C’est un monde en lutte.
Un monde où chaque seconde gagnée sur le Mort est un espoir.
©Cédric Gerbehaye |
Ils sont là, anonymes, fidèles à leurs postes. Sentinelles du désespoir.
Ils sont là médecins, infirmières, secrétaires. Masqués, gantés, bardés de protections que l’on met de longs moments à enfiler, à enlever. Alors, on ne les pose que si vraiment on ne tient plus, que la fatigue ravage les corps, les âmes.
Le désinfectant nettoie les vivants, les défunts ; la machine à coudre fabrique de dérisoires protections. Les yeux scrutent derrière les masques croisant des regards hâves, exténués, embués de larmes. Qu’importe, il faut combattre sans relâche cette maladie invisible.
Dont on ne sait rien ou pas grand-chose.
Et qui ronge…
» Une routine du vide « écrira Caroline Lamarche.
©Cédric Gerbehaye |
Dehors, c’est la folie des jours confinés. Comme on ne sait se protéger, on se terre. Mais la contagion rattrape les Hommes.
Un corps allongé à même le sol ; la tendresse d’un baiser.
Les cercueils seront-ils assez grands ?
Les kids se masquent le visage de bandanas ; il tousse les bronches encrassées d’un virus délétère.
La police veille qui ne peut protéger contre un ennemi invisible.
Et dans les maisons de retraite, des fantômes gisent immobiles dans leurs nuits nécropoles, reclus.
©Cédric Gerbehaye |
En fin d’ouvrage une série de portraits de soignants offre un regard saisissant sur ces anonymes qui ont su se dévouer avec une abnégation inégalée pour faire tenir un système qui aurait dû s’effondrer.
Parce que Zoonose c’est aussi ça : la chronique d’un moment où rien n’était ni prévu, ni organisé montrant une forme de déshérence des pouvoirs publics.
Déshérence qui n’est pas propre à la Belgique, notons-le.
Le très beau texte de Caroline Lamarche mêlant interview, réflexions personnelles, fait écho à la violente beauté des photographies noir et blanc de Cédric Gerbehaye.
Par ce livre, nous, ceux qui étions cloitrés à domicile, prenons la mesure de ce qu’a été la vie hospitalière en ces heures dramatiques.
Une course infinie, marathon s’éternisant durant des mois et des vagues.
Un combat de tous les instants contre un fléau inconnu, mais aussi contre son propre corps, sa fatigue, son désespoir.

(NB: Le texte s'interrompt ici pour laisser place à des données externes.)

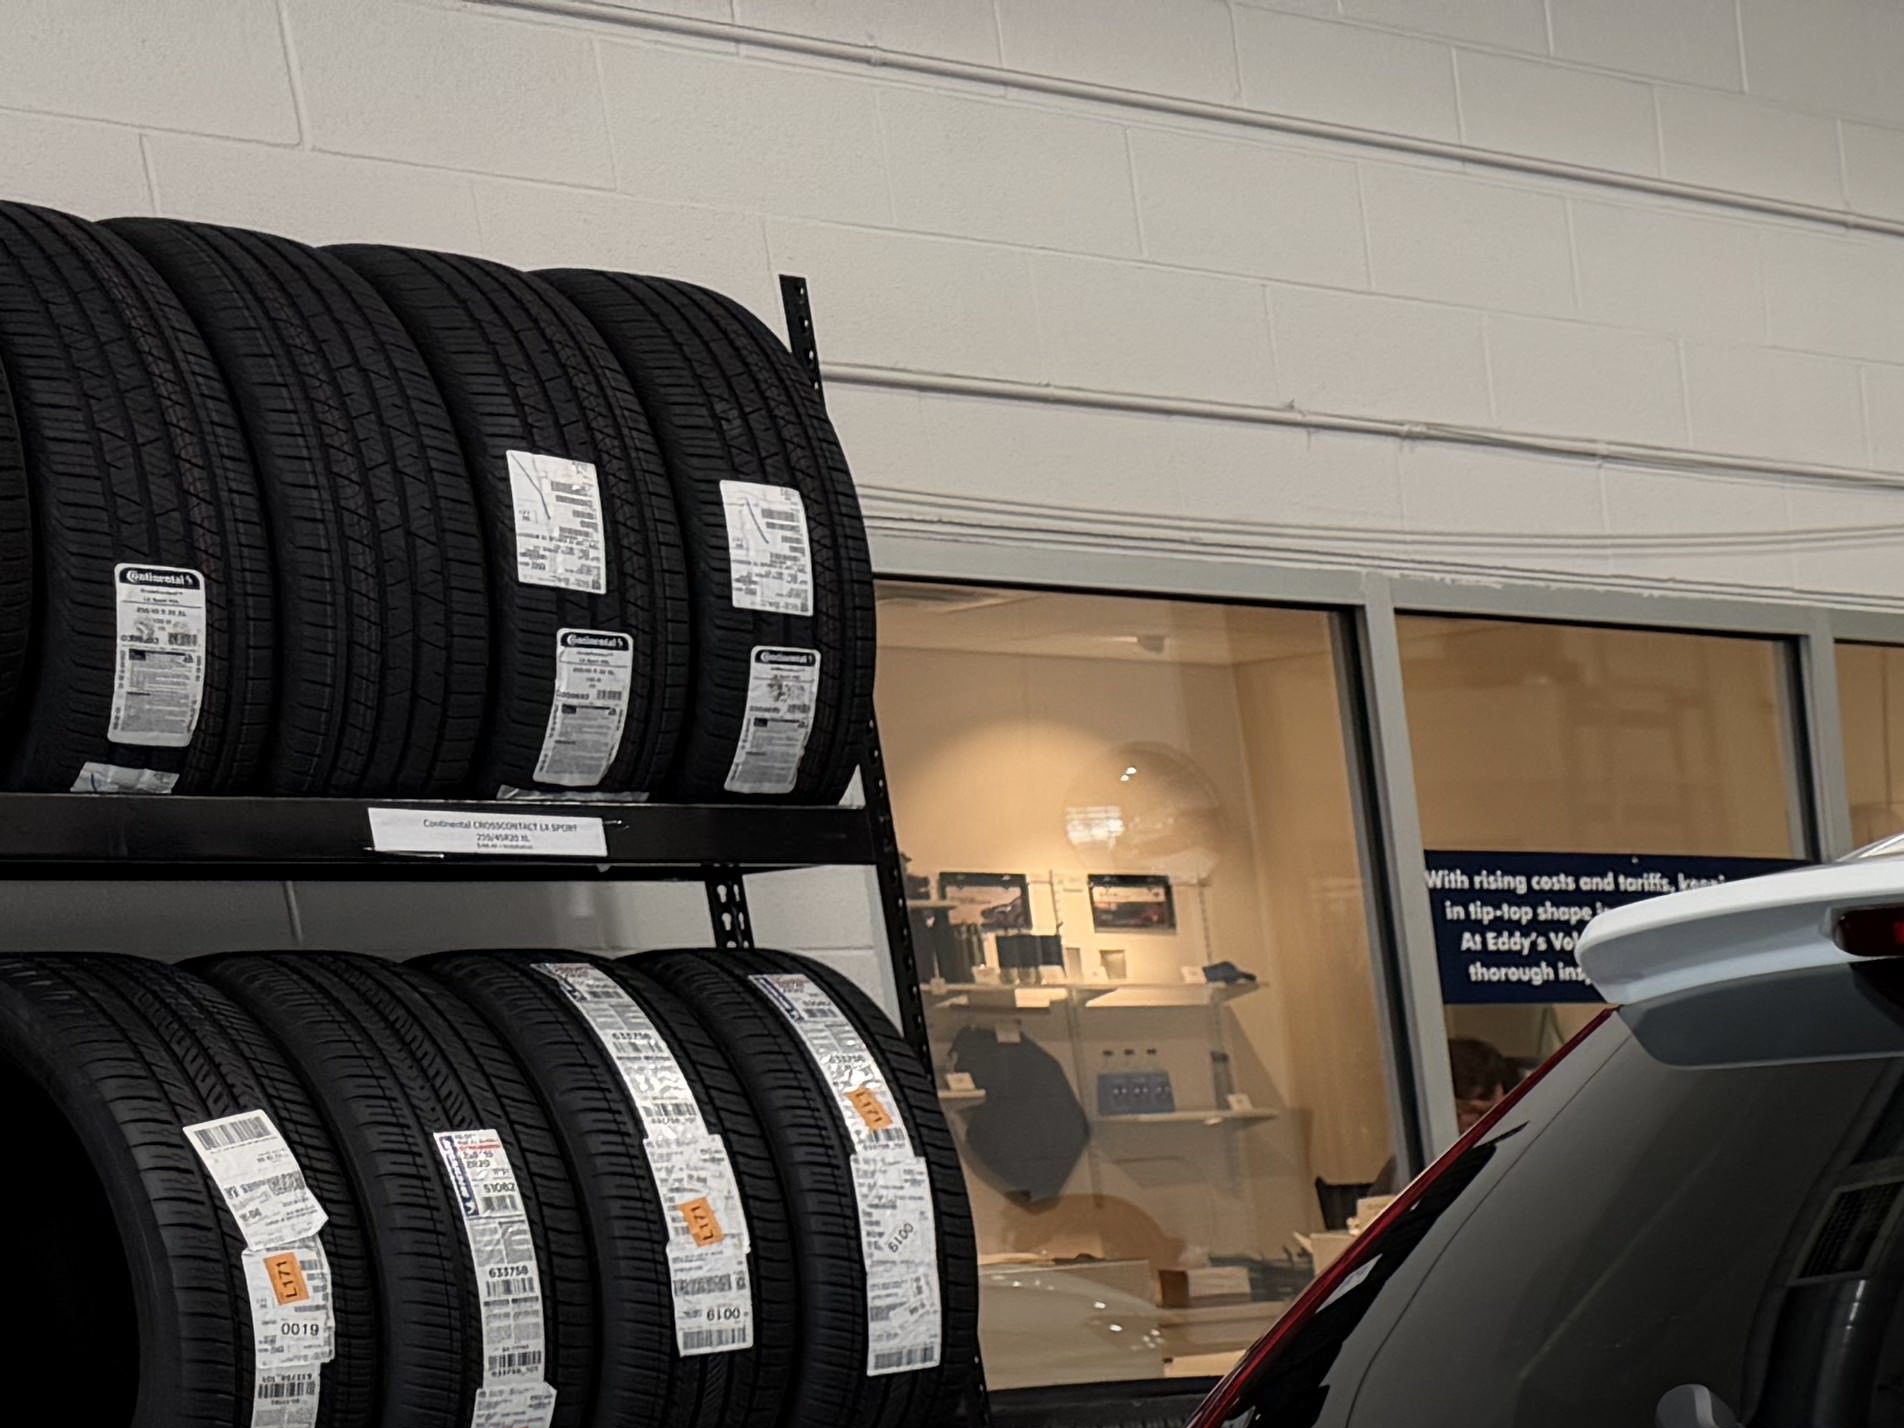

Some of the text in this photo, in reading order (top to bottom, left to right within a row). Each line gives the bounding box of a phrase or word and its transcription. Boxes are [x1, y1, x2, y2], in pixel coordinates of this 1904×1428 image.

[1425, 868, 1470, 891] With
[1473, 869, 1527, 894] rising
[1531, 872, 1576, 892] costs
[1579, 873, 1615, 892] and
[1618, 873, 1676, 894] tariffs,
[1445, 901, 1465, 920] in
[1469, 902, 1533, 925] tip-top
[1536, 903, 1593, 926] shape
[1461, 933, 1482, 951] At
[1486, 933, 1547, 956] Eddy's
[1469, 962, 1555, 986] thorough
[276, 1261, 297, 1298] L171
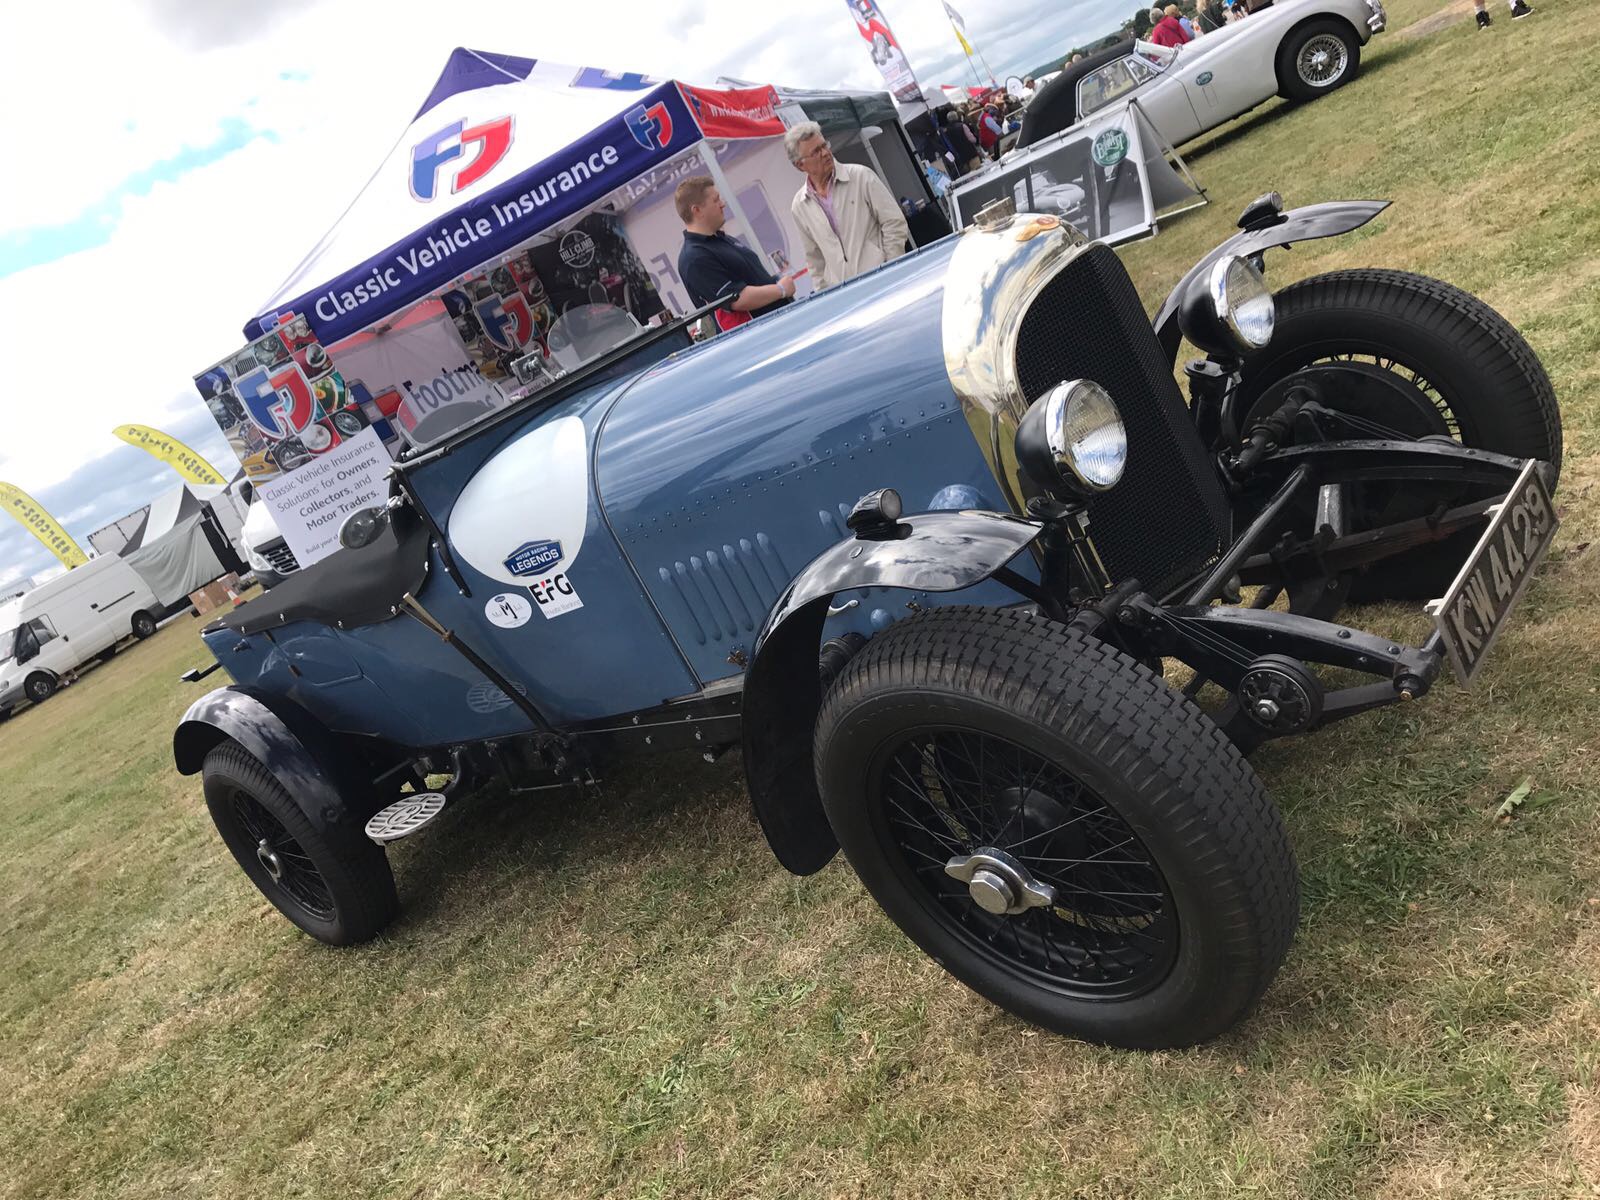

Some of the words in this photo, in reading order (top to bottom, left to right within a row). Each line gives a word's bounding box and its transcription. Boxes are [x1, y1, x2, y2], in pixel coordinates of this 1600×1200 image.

[315, 267, 401, 322] Classic
[397, 217, 492, 276] Vehicle
[491, 145, 619, 227] Insurance
[265, 478, 297, 502] Classic
[295, 463, 331, 485] Vehicle
[330, 440, 376, 467] Insurance
[276, 485, 320, 513] Solutions
[320, 477, 336, 489] for
[336, 455, 380, 481] Owners,
[299, 487, 354, 518] Collectors,
[353, 474, 373, 490] and
[305, 509, 341, 531] Motor
[338, 489, 380, 514] Traders.
[511, 548, 559, 573] LEGENDS
[515, 550, 531, 561] MOTOR
[531, 546, 548, 555] RACING
[1450, 568, 1497, 665] KW
[1488, 484, 1549, 601] 4429
[528, 573, 574, 605] EFG
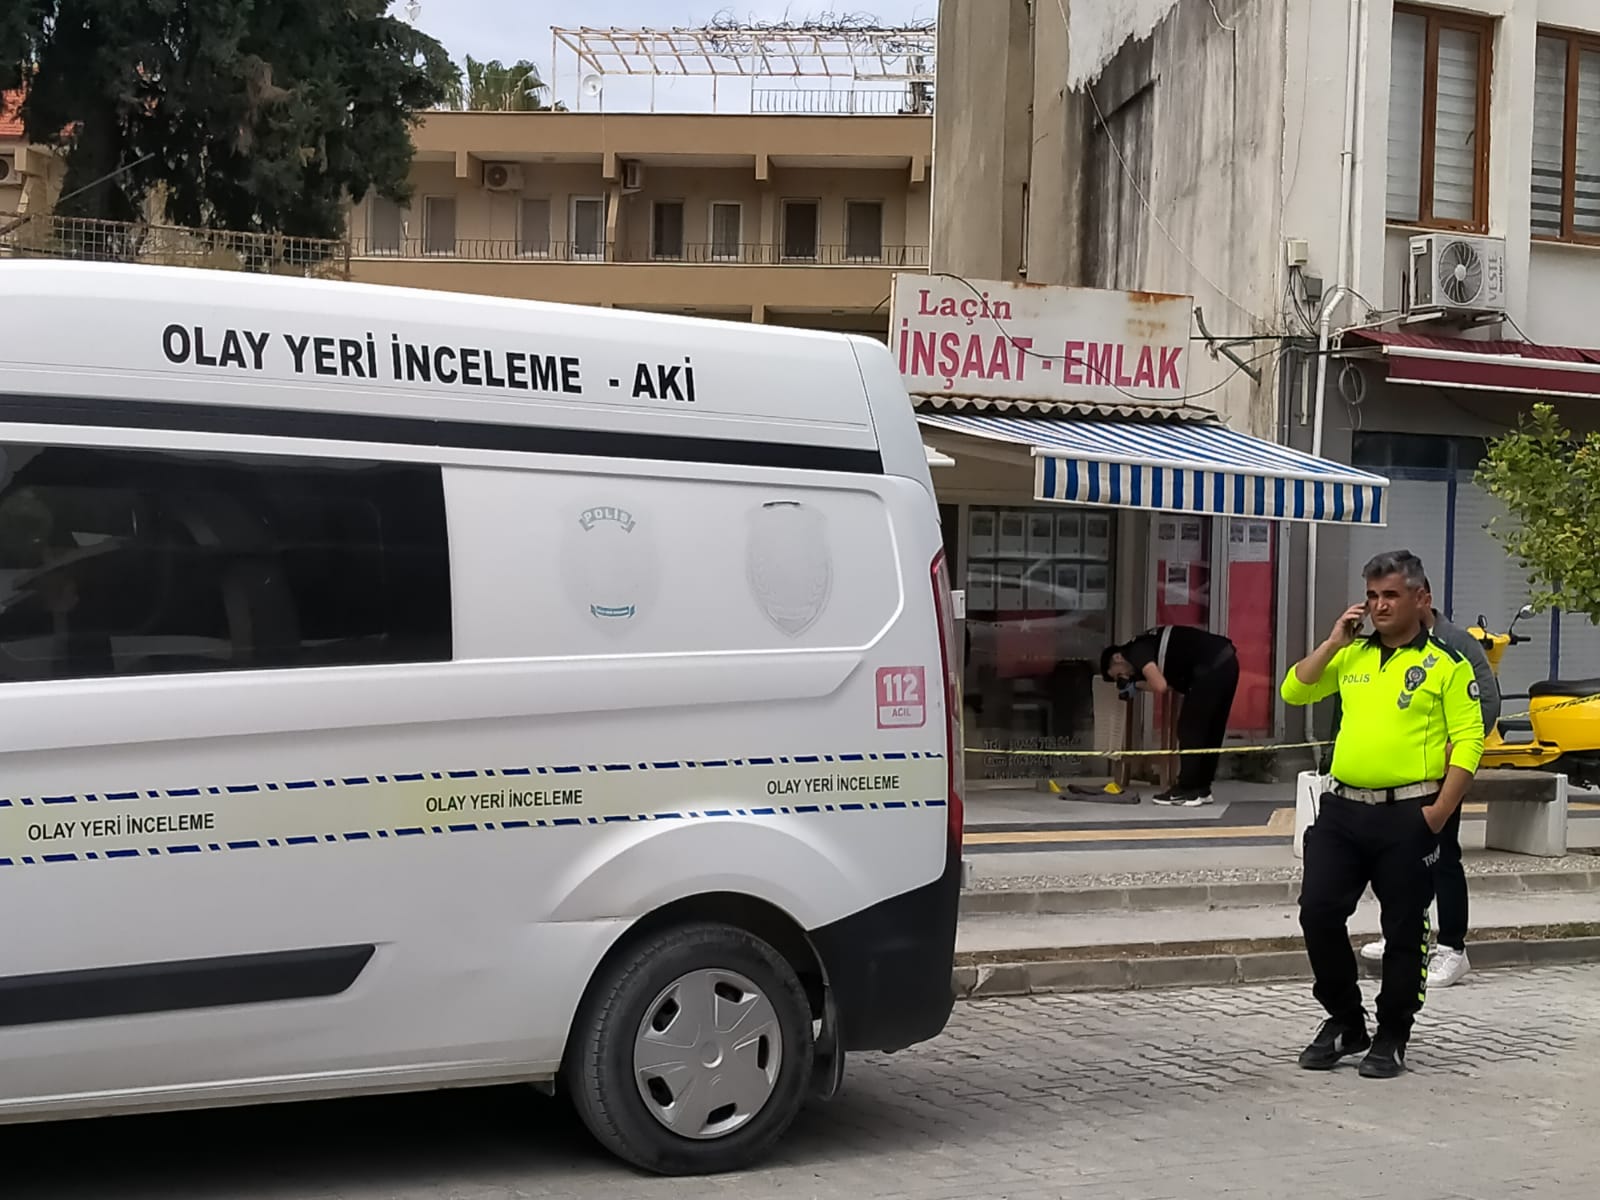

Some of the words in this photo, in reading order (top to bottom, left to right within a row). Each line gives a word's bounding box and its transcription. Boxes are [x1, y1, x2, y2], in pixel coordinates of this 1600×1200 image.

[918, 289, 1012, 325] Laçin
[162, 324, 270, 370] OLAY
[283, 332, 377, 379] YERİ
[391, 333, 583, 394] İNCELEME
[609, 379, 620, 388] -
[632, 356, 696, 402] AKİ
[899, 317, 1033, 390] İNŞAAT
[1041, 359, 1052, 370] -
[1063, 340, 1184, 390] EMLAK
[883, 673, 919, 702] 112
[767, 779, 801, 795] OLAY
[804, 774, 834, 793] YERİ
[837, 774, 900, 791] İNCELEME
[426, 795, 466, 812] OLAY
[470, 789, 504, 810] YERİ
[509, 789, 583, 808] İNCELEME
[28, 822, 76, 841] OLAY
[80, 815, 121, 837] YERİ
[126, 813, 215, 835] İNCELEME
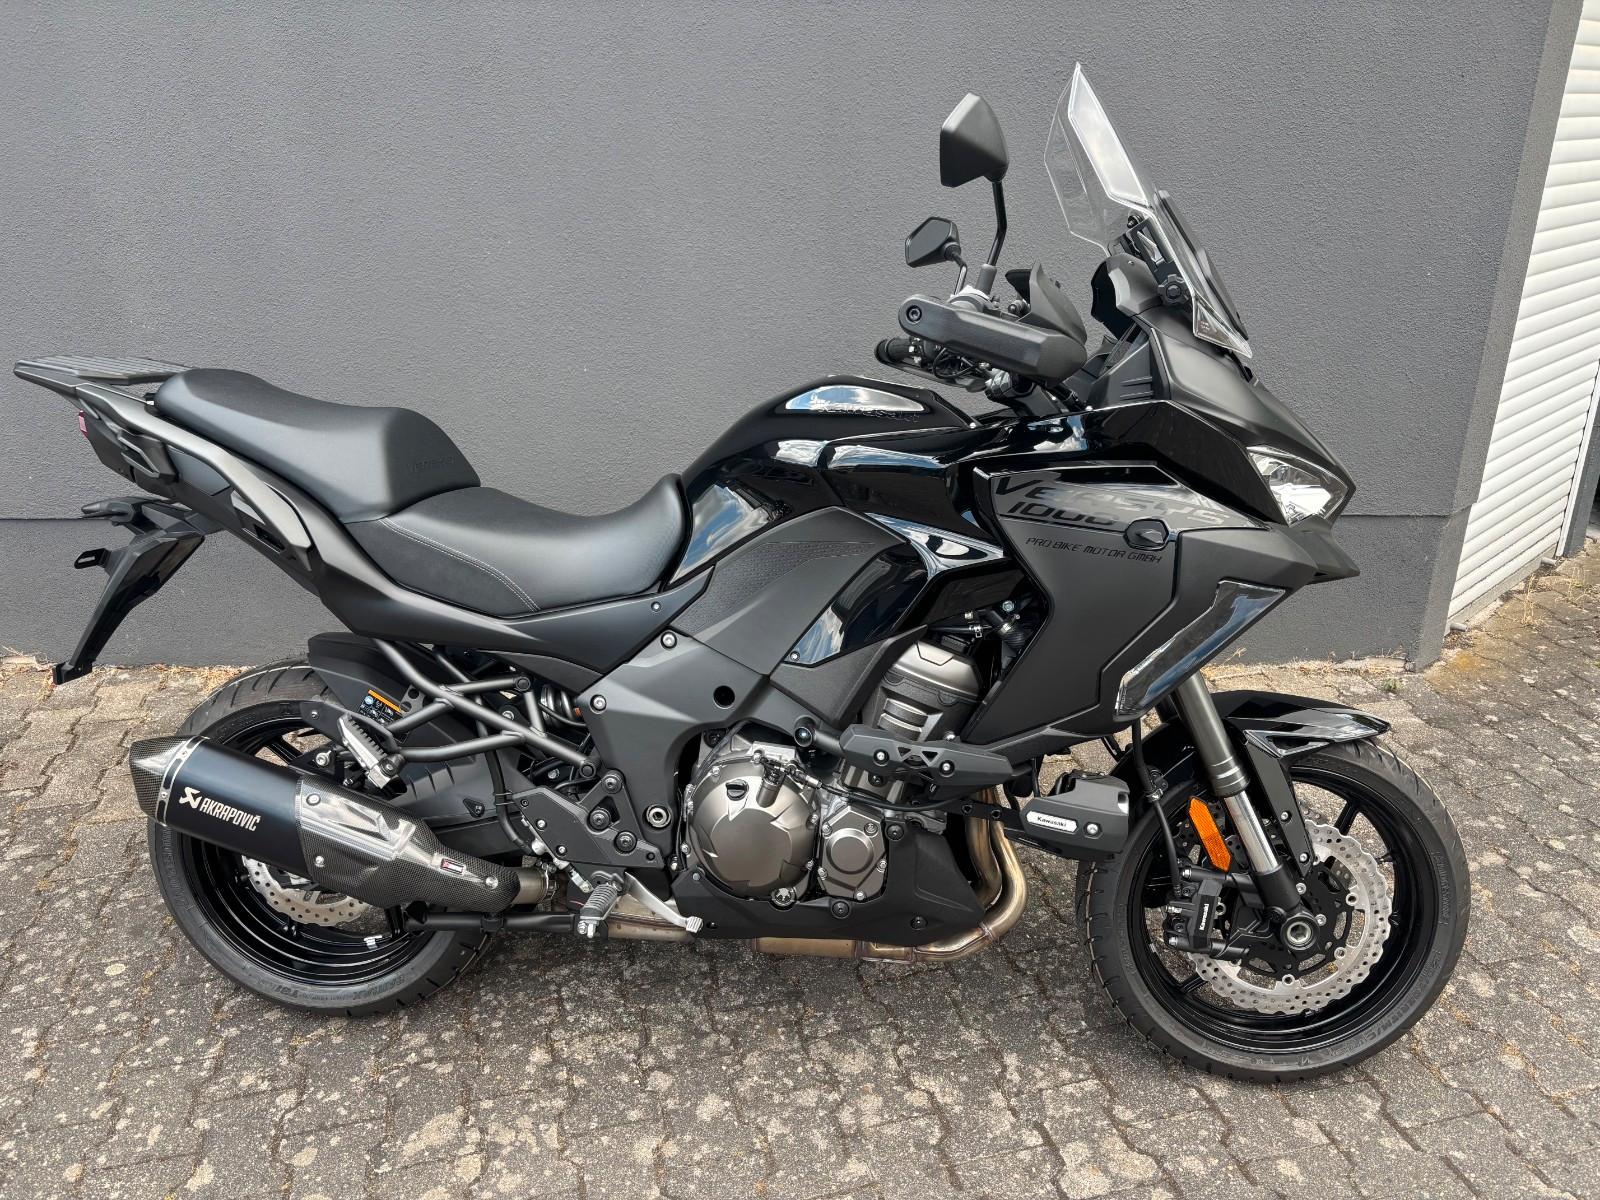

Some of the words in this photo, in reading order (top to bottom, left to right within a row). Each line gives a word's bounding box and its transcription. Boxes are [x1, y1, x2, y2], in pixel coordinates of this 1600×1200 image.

[1007, 501, 1119, 526] 1000
[1025, 537, 1050, 548] PRO
[1052, 540, 1082, 552] BIKE
[1083, 545, 1126, 559] MOTOR
[1037, 816, 1067, 827] Kawasaki

Qu’ils sont admirables ces soignants. Qu’ils sont humains ces malades s’accrochant à la vie. Qu’ils sont seuls ces vieillards enfermés.
Lire Zoonose, c’est, peut-être, s’interroger sur ce qui devrait primer à l’avenir.
L’économie ? Les banques ? Le libéralisme ?
Ou bien l’Homme, l’amitié, la camaraderie ?
L’amour de l’autre.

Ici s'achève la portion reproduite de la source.